Right now, I’m using a mechanical keyboard, crumbs and dust littered under the caps. I remember using an actual mechanical typewriter. Only briefly mind, before I bought a word-processor for Uni work. Those old devices required TLC and patience. The keys themselves were more akin to lever-gyms. One mighty push was required to launch a letter embossed on a small iron block into a wall of paper. It was a satisfying sound, a pleasant sensation. But again, just as everything else back then, it took more effort than what is required from us today.

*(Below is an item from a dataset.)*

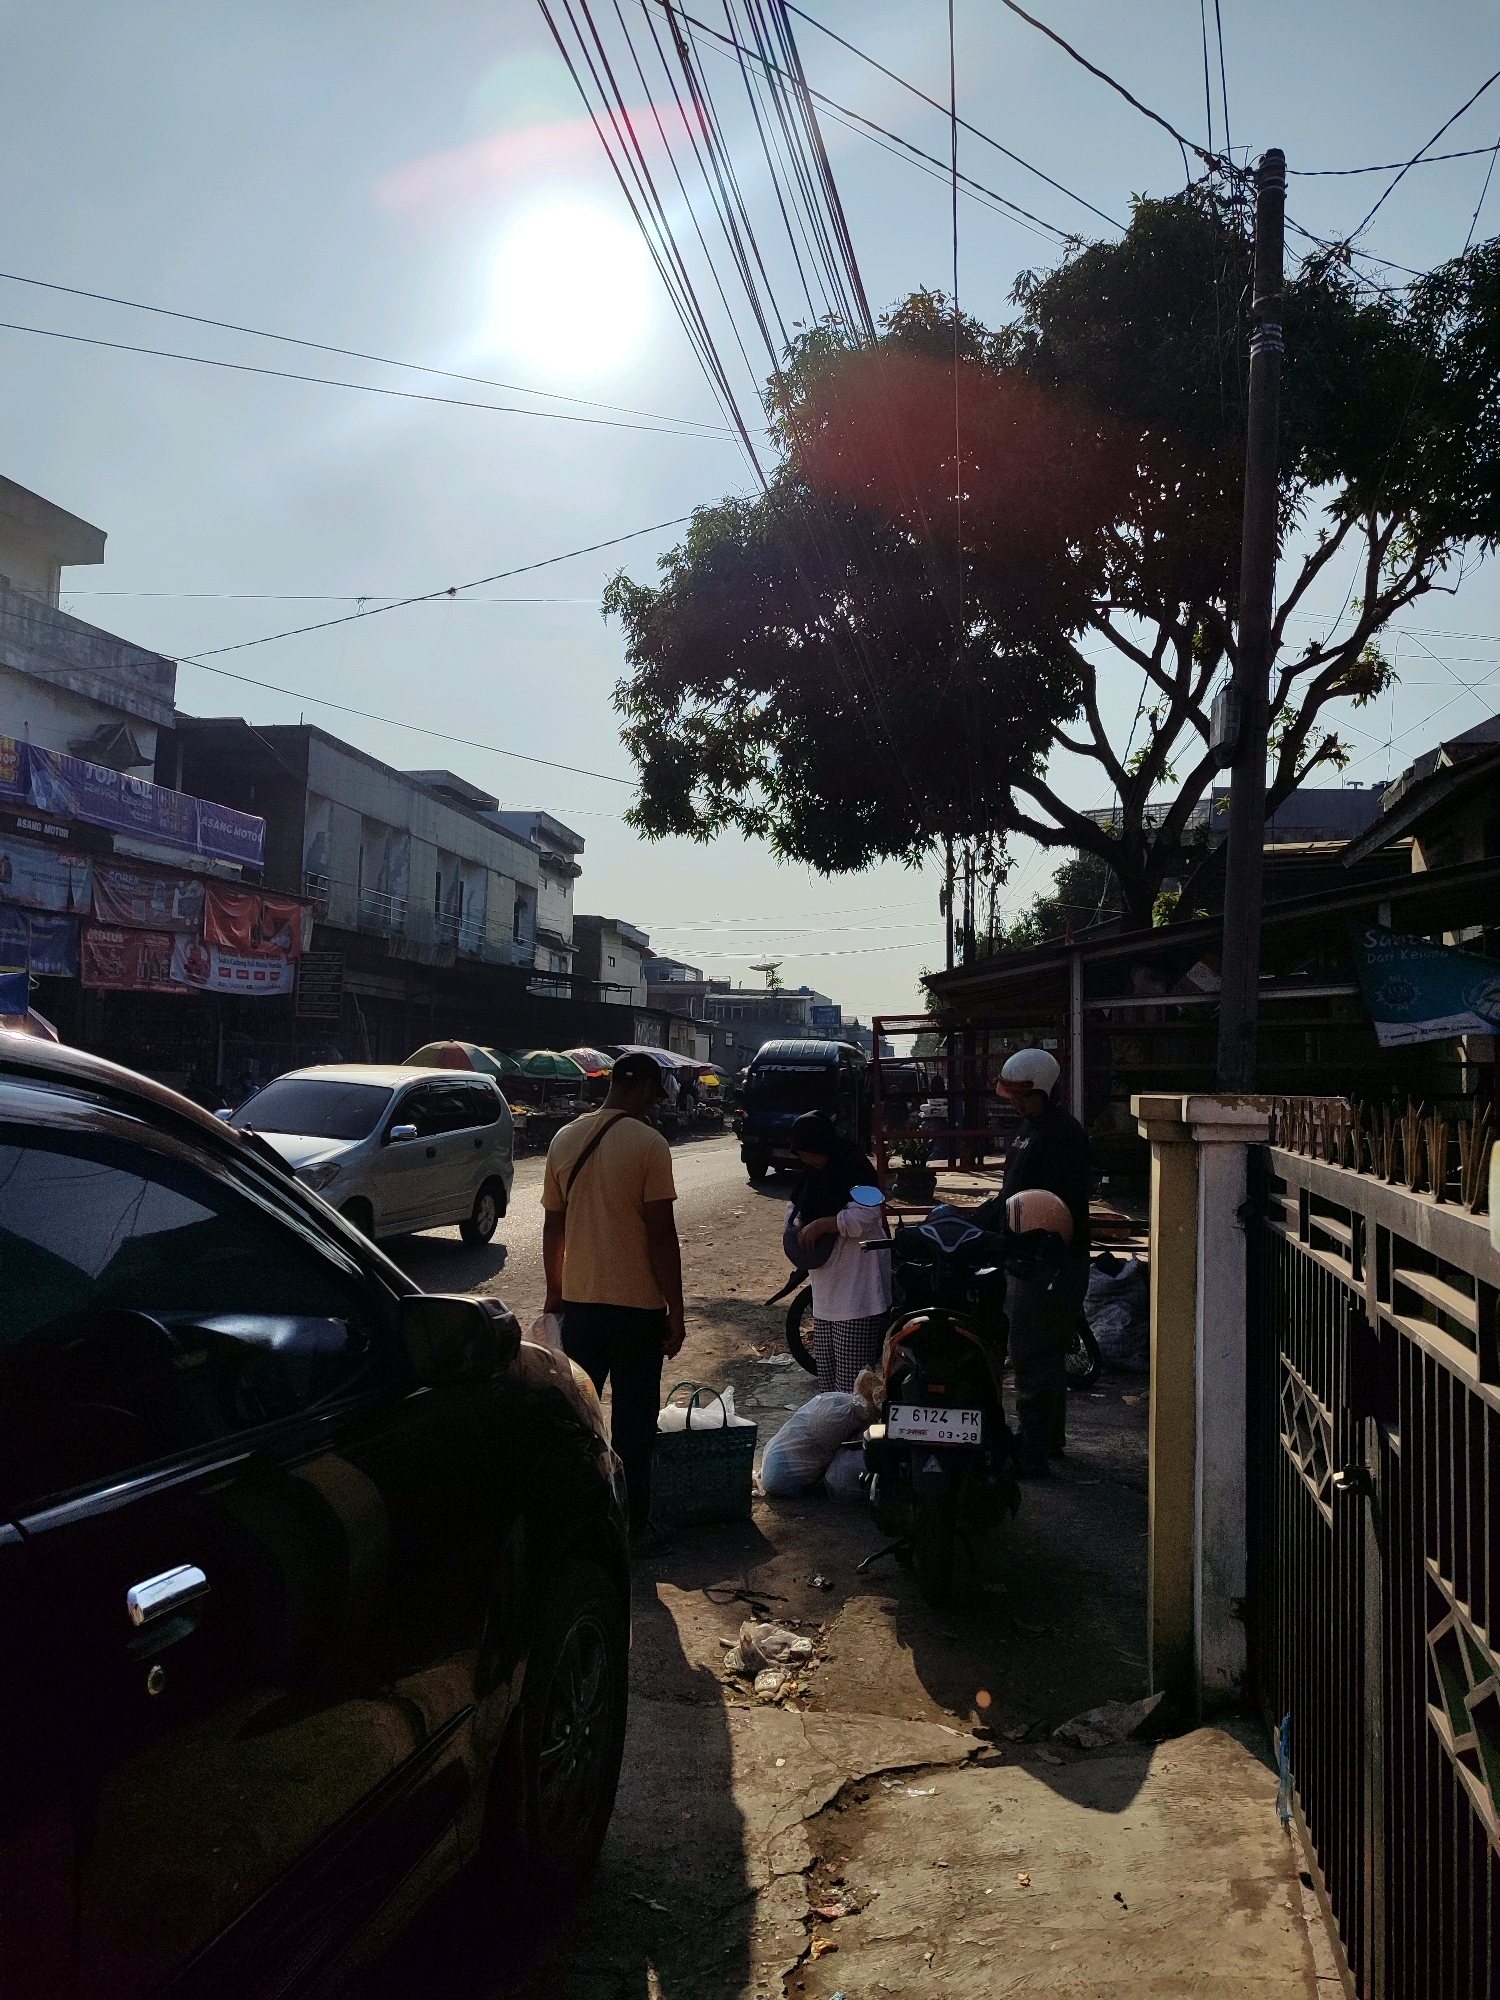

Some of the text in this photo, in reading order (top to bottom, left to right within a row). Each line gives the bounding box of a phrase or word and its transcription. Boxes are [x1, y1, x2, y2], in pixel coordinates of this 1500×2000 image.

[16, 817, 70, 839] ASANG MOTOR
[202, 816, 233, 834] ASANG
[891, 1407, 979, 1426] Z 6124 FK

And that is the point of this random carnival of 80’s memorabilia. Let’s take the television remote as an example. To change channels required you to stand up from your chair, or sofa, or perhaps even roll out of bed. To stand from sitting is basically a squat. That right there is what annoying gym folks call exercise. Yup, exercise, a bad word to some. One half-rep of one bodyweight squat. Whoop! Now you pace one step or two, maybe five if you’re wealthy and have a large house. But then, if you’re rich, you might ask the butler to change channels. Imagine, a biomechanical human remote control. A sort of cybernetic stone age. I digress. So, you’ve dragged your ass to the TV, pressed the buttons. Now what? You reverse that motion. That means a controlled descent onto the cushion where your bum-print is still visible. That’s what we gym commandants call the ‘eccentric’ phase of the squat. Pre-remote (or sans butler), channel surfing required one squat. Change channels 10 times a day, 365 days a year—count it—that’s 3650 squats. Think about it. That’s over 70 sets of 50 squats. Make that a 3-set portion per day and that’s 23 squat sessions per year. You see where this is going?

But that’s nothing. Walking is the big game-changer. In the nineties, I walked to work. 30 mins there, 30 back. One hour. Five days per week. In calorie terms, that’s 250 kcal/day. Add a 48-week year, and we’ve got 60,000 kcals/year. Or 16 pounds of fat. Now, imagine driving to work. No more walkies for Mr Fit. Time is precious, so we decide to sit on our bums for twenty more minutes and drive instead. In one year, you’ll pile on one stone of weight, all things considered. And that’s just the walk to and from work. Cars are ubiquitous these days, it’s normal to own one. And when you do, you drive it—everywhere. Why else own one tonne of shiny steel? Personally, I view the car as a mini-karaoke bar on wheels, without the booze, of course… officer.

What am I saying? Clearly, the correlation is between driving and getting fat. It’s called a spare tyre for a reason. The diminished reliance on walking is fundamentally linked to our downfall in the battle against weight gain. Those gym fiends (yes fiends, as in monsters, not friends) will tell you to train your way to a better shape. But it’s not true. Why? Because what you’ll do is drive to the gym, return home, and sit on your backside, making the erroneous assumption 45 mins of gym twice a week will work. Nope. It doesn’t. I’ve seen it so many times.

We used to be slaves to a domain of manual effort. But technology came along and saved us. Emancipated from the hellish shackles of ‘a smidgeon of effort’, we embraced the late 20th century ideal of ‘everything at your fingertips’. If I think back, I recall accompanying my mother to do the grocery/food shop. She had one of those weird, ’granny’ bags—a tartan-esque suitcase on wheels. But that was replaced, eventually, by the mini-karaoke bar on wheels, and now, in the days of automated Armageddon, you can arrange for unseen hands in a warehouse to pack your weekly shop and even get someone to deliver it to your doorstep in a diesel belching van. Wait—you have the gall to complain your plums are bruised? Really?

The reduction of manual labour, the reliance on automation, the lure of convenience: all of these things have conspired to make life too easy. We’re told by slick marketing to over-consume (I know I do). But in reality, food doesn’t make you fat; energy imbalance does. And in a world of zero effort, where I don’t even have to touch my phone to get it to answer me, our odds aren’t great in the war against apathy. There is, of course, an easy answer. Get up, go for a walk. Lots of walks. Forrest Gump your life away. Give it a shot, just as soon as you’ve ordered your pizza through Alexa.